I tried to find a really good definition for generalization, but it turns out that this is one of those concepts that easier to understand than it is to explain understandably. Mirriam-Webster defines generalization as "the act or process whereby a learned response is made to a stimulus similar to but not identical with the conditioned stimulus." That's nice and simple, right? (pretend you heard that last sentence in a really sarcastic voice) In dog training terms, generalization is a dogs ability to take a learn concept from one enviroment into another.

So say your proverbial cat sits on the hot stove top. She won't sit on the hot stove top anymore, but neither will she sit on a cold one. That's generalization. But what if it's the same stove in a different house? Or a different stove? Or the same stove with different burners? That's the tricky part of generalization.

Many people forget that generalization is more than just a change in location - it's anything new, from the time of day to the number of people watching (just ask anyone who competes with their dog). Rubi and I will be working on generalization for the rest of her life. Thanks to our second round of Changing Attitudes, I now know what she's capable of around other dogs. Relaxation isn't just a lofty ideal anymore; it's an attainable goal. Now that we've built that foundation - in one little room with one type of flooring at a certain time of day with a limited number of other dogs - it's time to start taking that behavior on the road.
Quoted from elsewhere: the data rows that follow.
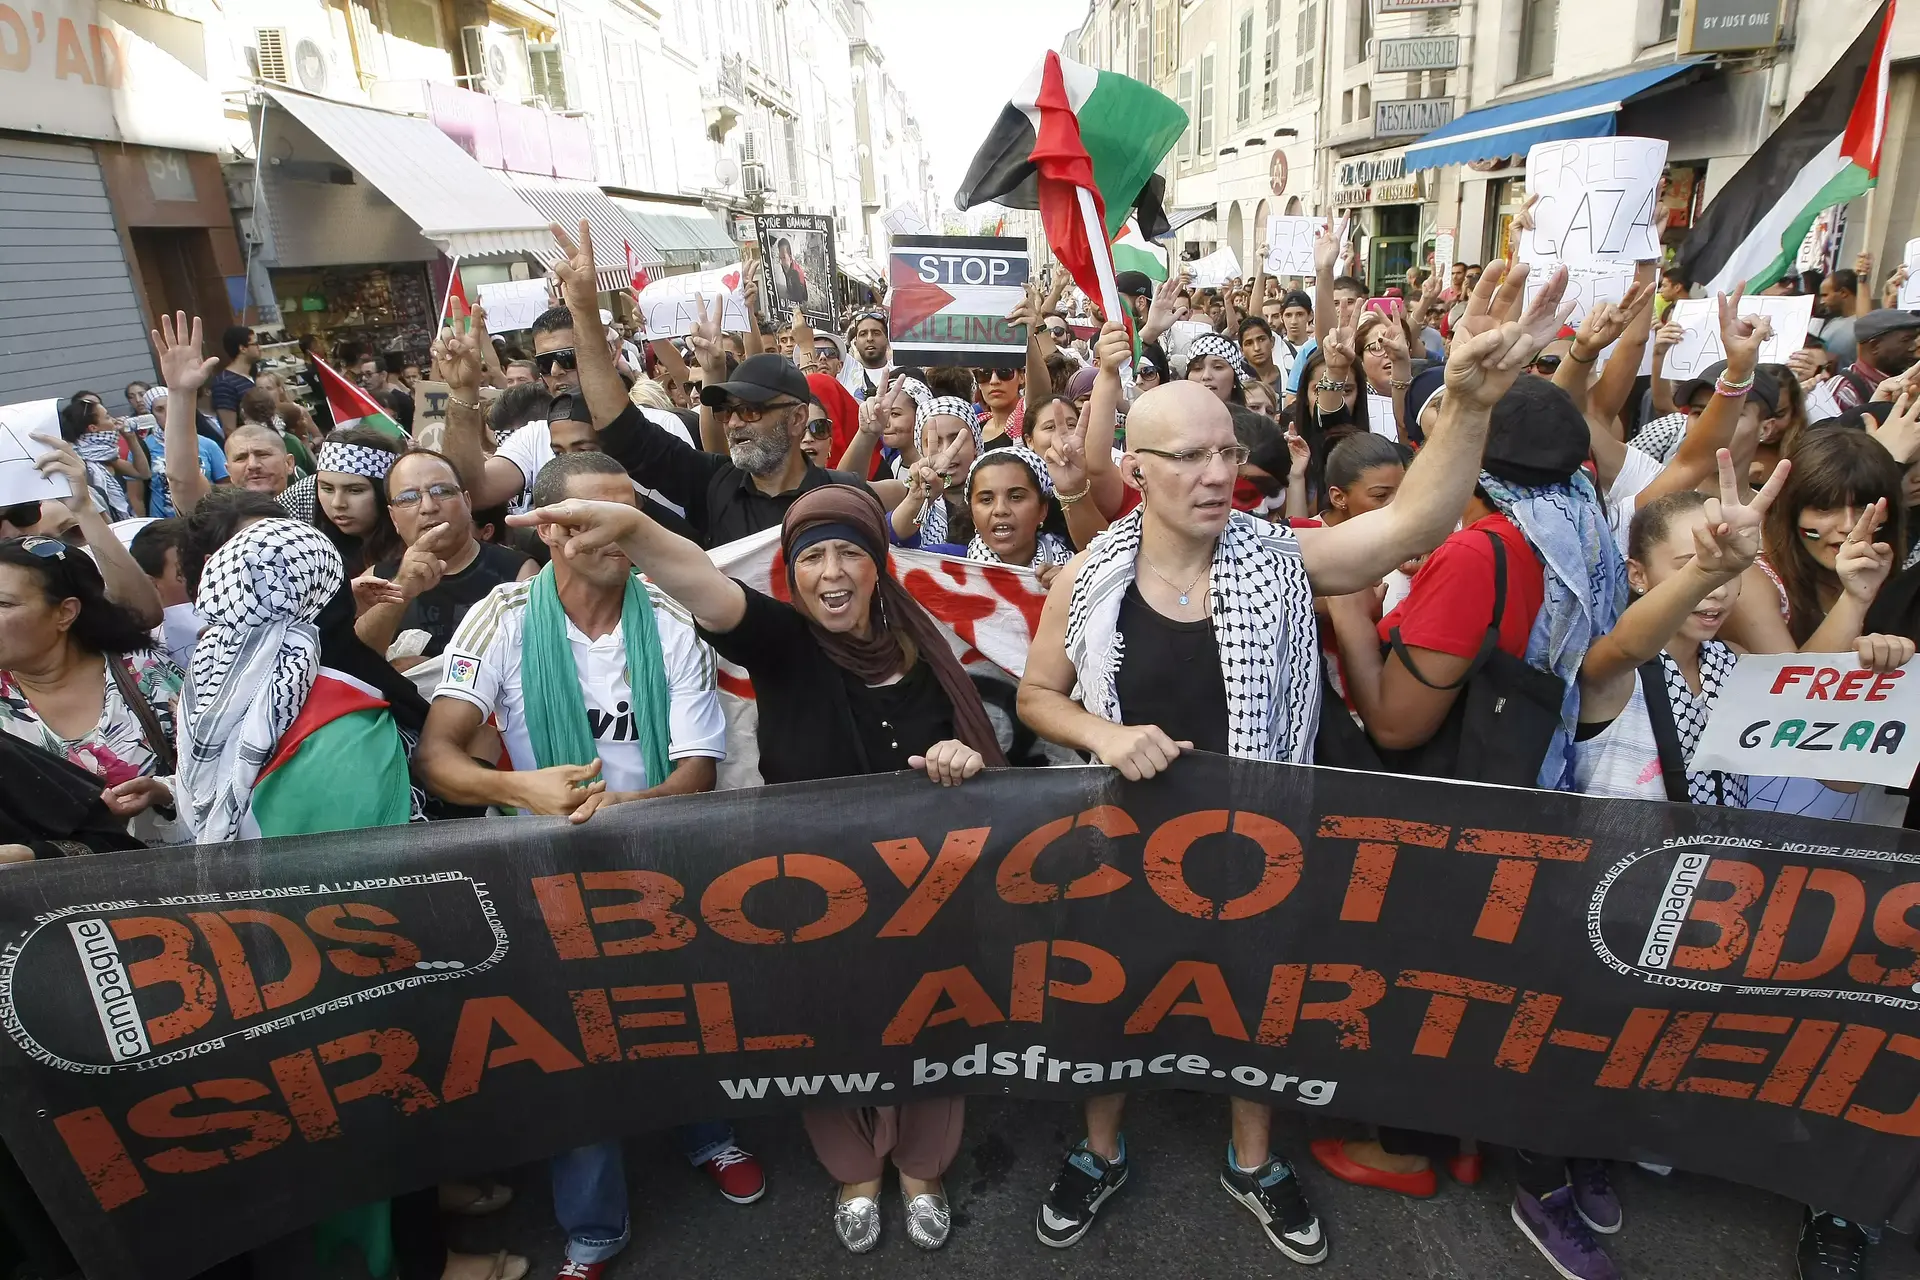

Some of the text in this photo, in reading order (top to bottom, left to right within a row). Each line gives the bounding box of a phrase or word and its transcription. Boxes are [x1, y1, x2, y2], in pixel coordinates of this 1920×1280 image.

[1703, 12, 1770, 28] BY JUST ONE
[1384, 40, 1454, 68] PATISSERIE
[1379, 102, 1449, 131] RESTAURANT
[1533, 140, 1637, 194] FREE
[1377, 184, 1416, 200] PATISSERIE
[1533, 187, 1654, 259] GAZA
[918, 256, 1010, 285] STOP
[1268, 249, 1315, 273] GAZ
[1671, 327, 1779, 374] GAA
[1769, 666, 1905, 701] FREE
[1739, 718, 1907, 755] GAZAA
[1663, 834, 1763, 849] SANCTIONS
[1781, 842, 1840, 855] NOTRE
[531, 804, 1594, 960] BOYCOTT
[34, 899, 140, 926] SANCTIONS
[159, 892, 220, 906] NOTRE
[225, 885, 311, 902] REPONSE
[318, 883, 331, 894] A
[1587, 851, 1639, 976] DESINVESTISSEMENT
[1645, 856, 1703, 967] campagne
[78, 921, 143, 1059] campagne
[1643, 973, 1723, 993] BOYCOTT
[1836, 991, 1920, 1010] CUPATION
[136, 1037, 226, 1072] BOYCOTT
[54, 939, 1920, 1213] ISRAEL APARTHEID
[718, 1043, 1338, 1106] www. bdsfrance.org
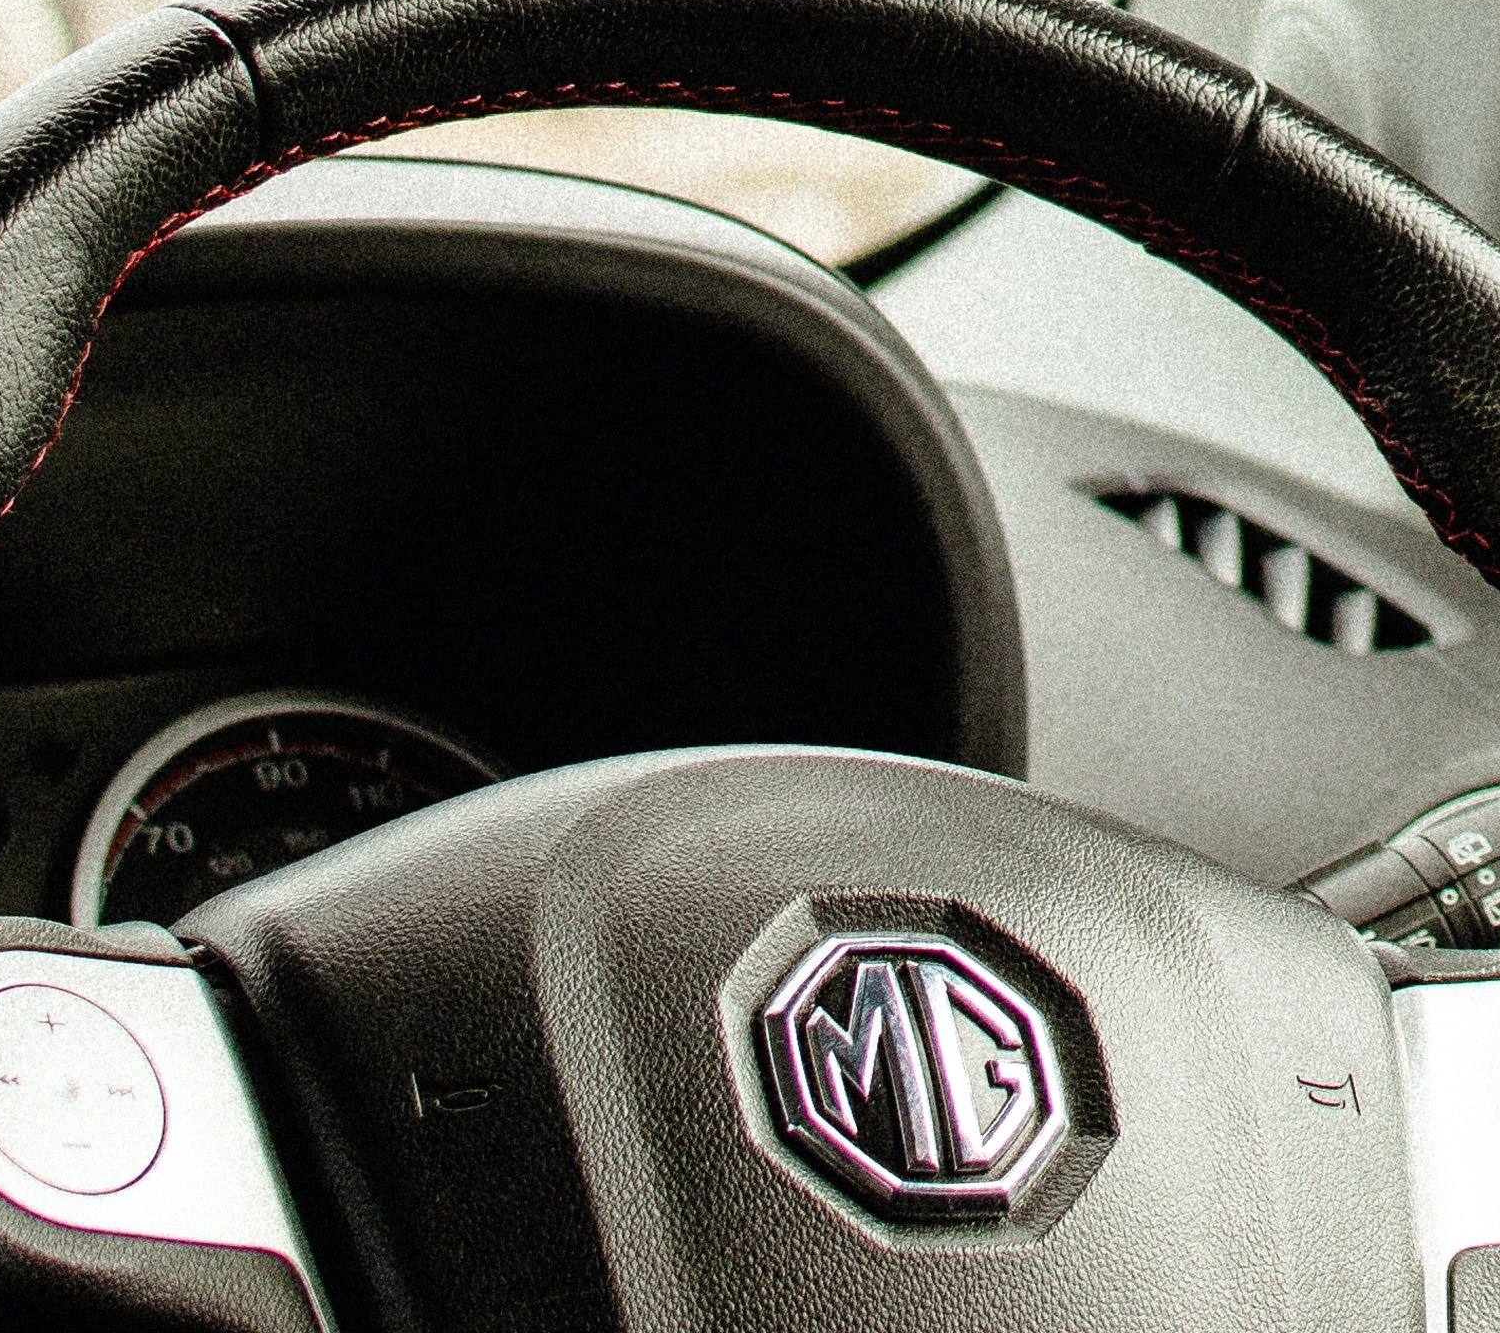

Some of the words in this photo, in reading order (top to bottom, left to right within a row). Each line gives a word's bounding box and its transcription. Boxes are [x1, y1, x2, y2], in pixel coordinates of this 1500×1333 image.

[254, 759, 309, 791] 90
[347, 780, 403, 811] 110
[142, 821, 195, 855] 70
[805, 961, 1035, 1174] MG
Since finishing CA, Rubi and I have been hanging out in the lobby at TCOTC. Same building, but it's a very different area. It's connects to the ring room, where most of the obedience classes are held, and where everyone else goes through to get to their classes. There's a lot of dog and people traffic, and the lobby isn't as big as the CA classroom, so it's harder to get away from things when B does get over stimulated. Our first few forays into the lobby went fairly well. I've come to really cherish the strategy of throwing a handful of treats on the ground when another dog reacts at Rubi. In addition to taking B's mind off the other dog, it also sends that dog a calming signal: no big deal here, I'm just sniffing the ground.

Last Wednesday pretty much sucked, though. Looking through the perfection of hindsight, I can really see that I expected to much from B in a newish area after two weeks on holiday. Before, we had spent the majority of time in the lobby just watching the other dogs. But this time I really wanted B to do stuff, and that didn't go over so well. It think it added stress and, as a result, she was more prone to reacting. Of course, the two weeks off didn't help, either. We're really too early in our training for me to expect B to behave after being away from other dogs for extended periods of time. Really, the week between classes is too long to go between interacting with largish amounts of other dogs, but gosh darn it, it's cold out, and there aren't many places where we can be comfortable (physically and mentally) around other dogs.

On the other hand, dig through enough cloud and usually, you'll uncover some silver. I mean, we didn't die, no one got bit - those always fit into the "Column of Good." While the other dogs were in their rings, I did manage to get B to lie on her side long enough to get a picture. Although she sure doesn't look relaxed.

Come to think of it, we were able to work on some actual conditioned relaxation - not forced or pseudo forced. While doing mat work, she put her head down twice, and I was able to marked/rewarded that. She also hip bumped a few times for me. So, yay! there. We were also able to practice our CGC greetings sans Gentle Leader, thanks to the generousity and patience of our friends, Jen and Blue. Oh, and I got this awesome picture of me torturing B - er, I mean, practicing impluse control by putting treats on her paws and getting eye contact before releasing her to eat them.

Actually, she doesn't look very happy in that picture, either. Of course, I'm not sure I wouldn't be thinking, "But . . . but . . . why me?" if someone handed me a big chunk of chocolate and told me I couldn't eat it.